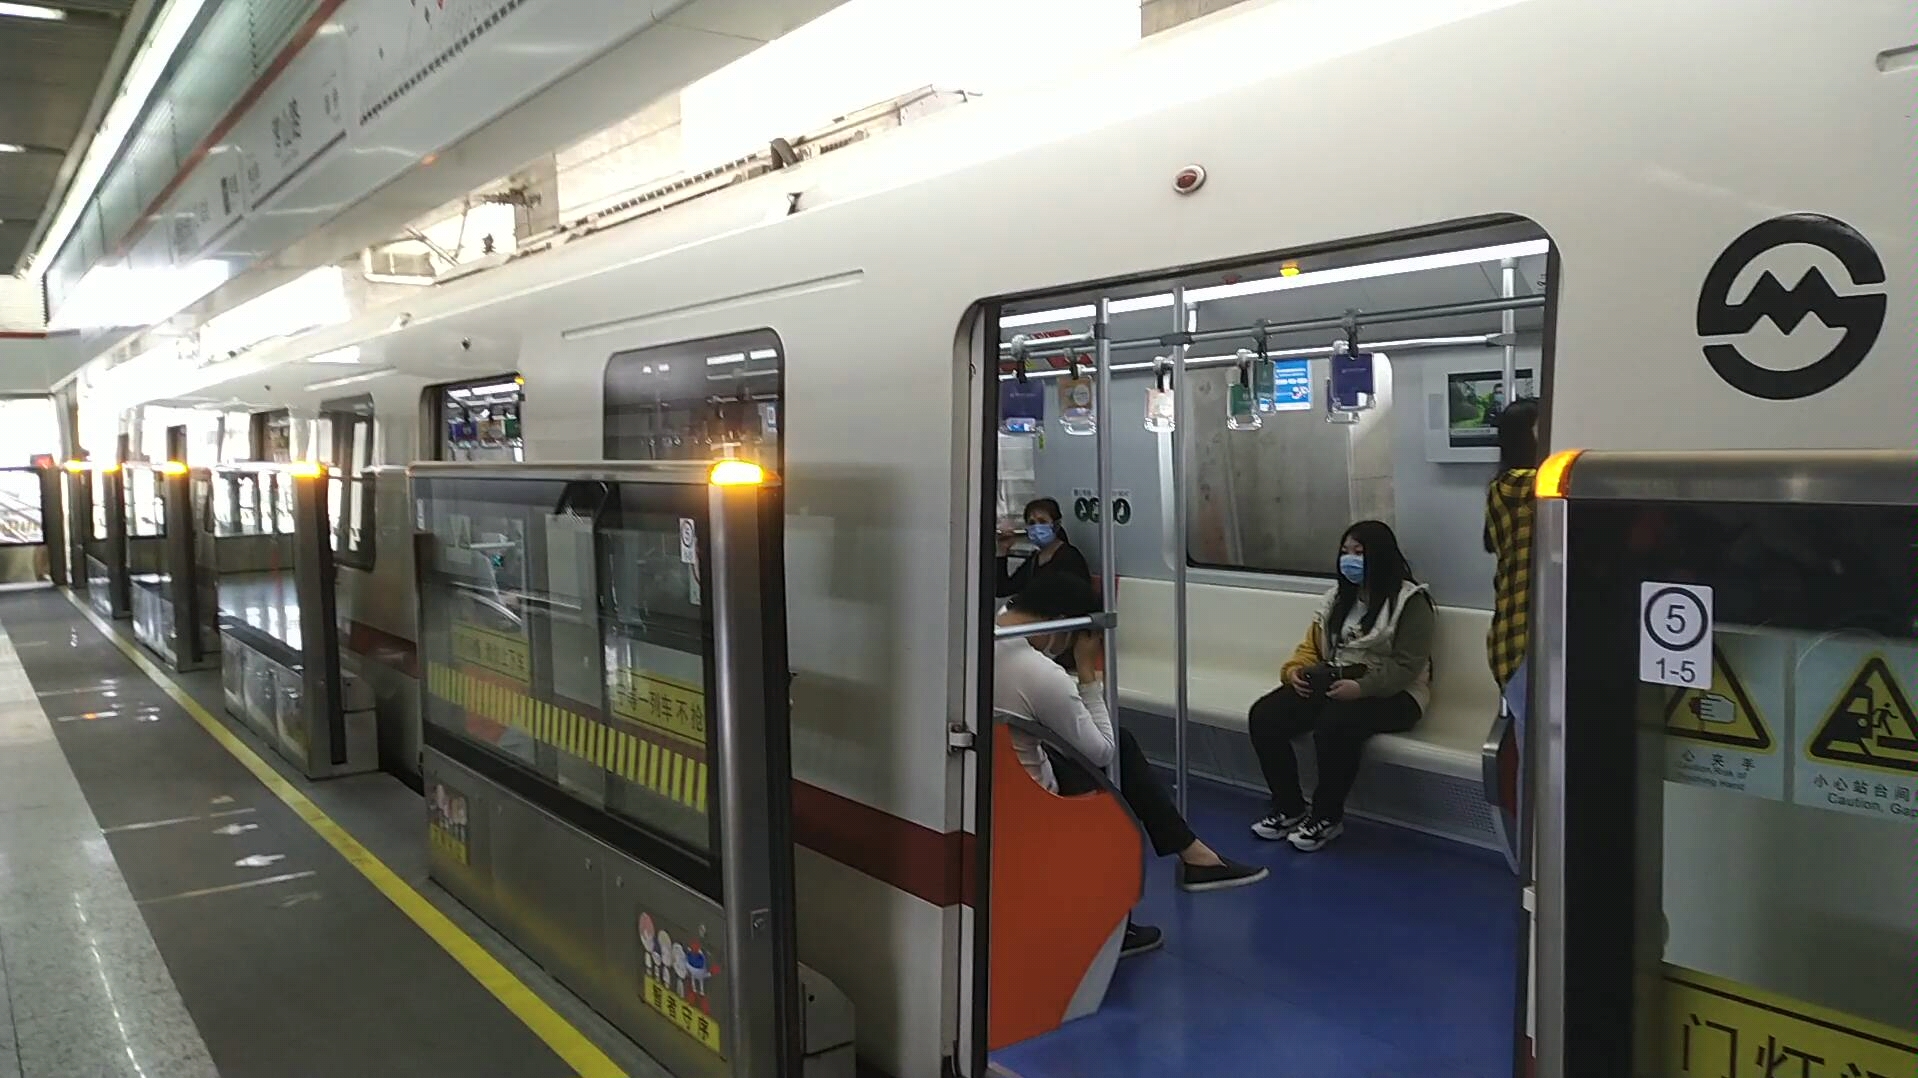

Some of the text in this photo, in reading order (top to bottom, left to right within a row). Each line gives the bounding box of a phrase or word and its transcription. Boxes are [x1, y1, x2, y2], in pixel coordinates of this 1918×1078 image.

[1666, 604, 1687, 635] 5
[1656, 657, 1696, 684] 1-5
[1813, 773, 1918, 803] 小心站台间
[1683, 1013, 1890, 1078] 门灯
-.-.-
# EXERCISE AIM:
Take the entries above and restate them word for word, minus their images.

# OUTPUT OF THE EXERCISE:
Some of the text in this photo, in reading order (top to bottom, left to right within a row). Each line gives the bounding box of a phrase or word and its transcription. Boxes are [x1, y1, x2, y2], in pixel coordinates of this 1918×1078 image.

[1666, 604, 1687, 635] 5
[1656, 657, 1696, 684] 1-5
[1813, 773, 1918, 803] 小心站台间
[1683, 1013, 1890, 1078] 门灯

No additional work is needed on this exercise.